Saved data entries

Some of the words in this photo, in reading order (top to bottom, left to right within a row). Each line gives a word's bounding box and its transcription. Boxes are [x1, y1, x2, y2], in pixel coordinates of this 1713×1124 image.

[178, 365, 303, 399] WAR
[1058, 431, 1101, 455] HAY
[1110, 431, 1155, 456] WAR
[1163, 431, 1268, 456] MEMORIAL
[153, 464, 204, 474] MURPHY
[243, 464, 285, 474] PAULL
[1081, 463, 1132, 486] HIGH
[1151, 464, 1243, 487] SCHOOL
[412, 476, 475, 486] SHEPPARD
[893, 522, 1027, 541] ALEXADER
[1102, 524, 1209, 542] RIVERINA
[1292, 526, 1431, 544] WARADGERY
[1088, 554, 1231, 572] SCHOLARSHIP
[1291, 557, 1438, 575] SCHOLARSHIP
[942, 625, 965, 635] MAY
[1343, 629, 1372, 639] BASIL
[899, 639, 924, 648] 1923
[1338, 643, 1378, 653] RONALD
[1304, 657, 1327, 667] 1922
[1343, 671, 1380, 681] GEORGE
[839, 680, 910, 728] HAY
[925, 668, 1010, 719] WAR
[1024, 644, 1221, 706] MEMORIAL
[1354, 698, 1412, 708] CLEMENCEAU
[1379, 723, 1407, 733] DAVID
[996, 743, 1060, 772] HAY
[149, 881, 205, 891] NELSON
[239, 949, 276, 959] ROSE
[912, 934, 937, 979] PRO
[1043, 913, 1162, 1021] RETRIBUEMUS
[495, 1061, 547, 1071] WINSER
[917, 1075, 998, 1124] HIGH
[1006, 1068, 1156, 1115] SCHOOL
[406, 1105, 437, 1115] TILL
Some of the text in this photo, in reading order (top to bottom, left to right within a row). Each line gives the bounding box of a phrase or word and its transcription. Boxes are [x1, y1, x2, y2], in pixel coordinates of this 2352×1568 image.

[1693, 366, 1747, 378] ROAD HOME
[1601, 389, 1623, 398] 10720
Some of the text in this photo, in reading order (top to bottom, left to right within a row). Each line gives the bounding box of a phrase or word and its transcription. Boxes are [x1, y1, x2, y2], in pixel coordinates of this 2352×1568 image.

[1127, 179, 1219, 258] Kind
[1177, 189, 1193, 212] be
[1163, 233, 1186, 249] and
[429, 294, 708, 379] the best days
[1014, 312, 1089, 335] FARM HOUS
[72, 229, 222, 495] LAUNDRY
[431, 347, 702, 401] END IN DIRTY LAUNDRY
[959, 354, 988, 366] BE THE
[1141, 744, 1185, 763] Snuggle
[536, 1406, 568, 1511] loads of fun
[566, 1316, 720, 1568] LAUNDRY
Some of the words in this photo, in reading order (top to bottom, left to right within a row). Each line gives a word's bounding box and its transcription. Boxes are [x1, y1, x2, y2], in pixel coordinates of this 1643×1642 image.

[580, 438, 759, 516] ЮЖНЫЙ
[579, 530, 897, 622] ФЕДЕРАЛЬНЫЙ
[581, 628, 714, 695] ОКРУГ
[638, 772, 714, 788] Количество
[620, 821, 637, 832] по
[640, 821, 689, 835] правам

• **YOUR GOAL**
Each record must be returned exactly as it is written.

• **OUTPUT OF THE EXERCISE**
Some of the words in this photo, in reading order (top to bottom, left to right within a row). Each line gives a word's bounding box and its transcription. Boxes are [x1, y1, x2, y2], in pixel coordinates of this 1713×1124 image.

[178, 365, 303, 399] WAR
[1058, 431, 1101, 455] HAY
[1110, 431, 1155, 456] WAR
[1163, 431, 1268, 456] MEMORIAL
[153, 464, 204, 474] MURPHY
[243, 464, 285, 474] PAULL
[1081, 463, 1132, 486] HIGH
[1151, 464, 1243, 487] SCHOOL
[412, 476, 475, 486] SHEPPARD
[893, 522, 1027, 541] ALEXADER
[1102, 524, 1209, 542] RIVERINA
[1292, 526, 1431, 544] WARADGERY
[1088, 554, 1231, 572] SCHOLARSHIP
[1291, 557, 1438, 575] SCHOLARSHIP
[942, 625, 965, 635] MAY
[1343, 629, 1372, 639] BASIL
[899, 639, 924, 648] 1923
[1338, 643, 1378, 653] RONALD
[1304, 657, 1327, 667] 1922
[1343, 671, 1380, 681] GEORGE
[839, 680, 910, 728] HAY
[925, 668, 1010, 719] WAR
[1024, 644, 1221, 706] MEMORIAL
[1354, 698, 1412, 708] CLEMENCEAU
[1379, 723, 1407, 733] DAVID
[996, 743, 1060, 772] HAY
[149, 881, 205, 891] NELSON
[239, 949, 276, 959] ROSE
[912, 934, 937, 979] PRO
[1043, 913, 1162, 1021] RETRIBUEMUS
[495, 1061, 547, 1071] WINSER
[917, 1075, 998, 1124] HIGH
[1006, 1068, 1156, 1115] SCHOOL
[406, 1105, 437, 1115] TILL
Some of the text in this photo, in reading order (top to bottom, left to right within a row). Each line gives the bounding box of a phrase or word and its transcription. Boxes are [x1, y1, x2, y2], in pixel coordinates of this 2352×1568 image.

[1693, 366, 1747, 378] ROAD HOME
[1601, 389, 1623, 398] 10720
Some of the text in this photo, in reading order (top to bottom, left to right within a row). Each line gives the bounding box of a phrase or word and its transcription. Boxes are [x1, y1, x2, y2], in pixel coordinates of this 2352×1568 image.

[1127, 179, 1219, 258] Kind
[1177, 189, 1193, 212] be
[1163, 233, 1186, 249] and
[429, 294, 708, 379] the best days
[1014, 312, 1089, 335] FARM HOUS
[72, 229, 222, 495] LAUNDRY
[431, 347, 702, 401] END IN DIRTY LAUNDRY
[959, 354, 988, 366] BE THE
[1141, 744, 1185, 763] Snuggle
[536, 1406, 568, 1511] loads of fun
[566, 1316, 720, 1568] LAUNDRY
Some of the words in this photo, in reading order (top to bottom, left to right within a row). Each line gives a word's bounding box and its transcription. Boxes are [x1, y1, x2, y2], in pixel coordinates of this 1643×1642 image.

[580, 438, 759, 516] ЮЖНЫЙ
[579, 530, 897, 622] ФЕДЕРАЛЬНЫЙ
[581, 628, 714, 695] ОКРУГ
[638, 772, 714, 788] Количество
[620, 821, 637, 832] по
[640, 821, 689, 835] правам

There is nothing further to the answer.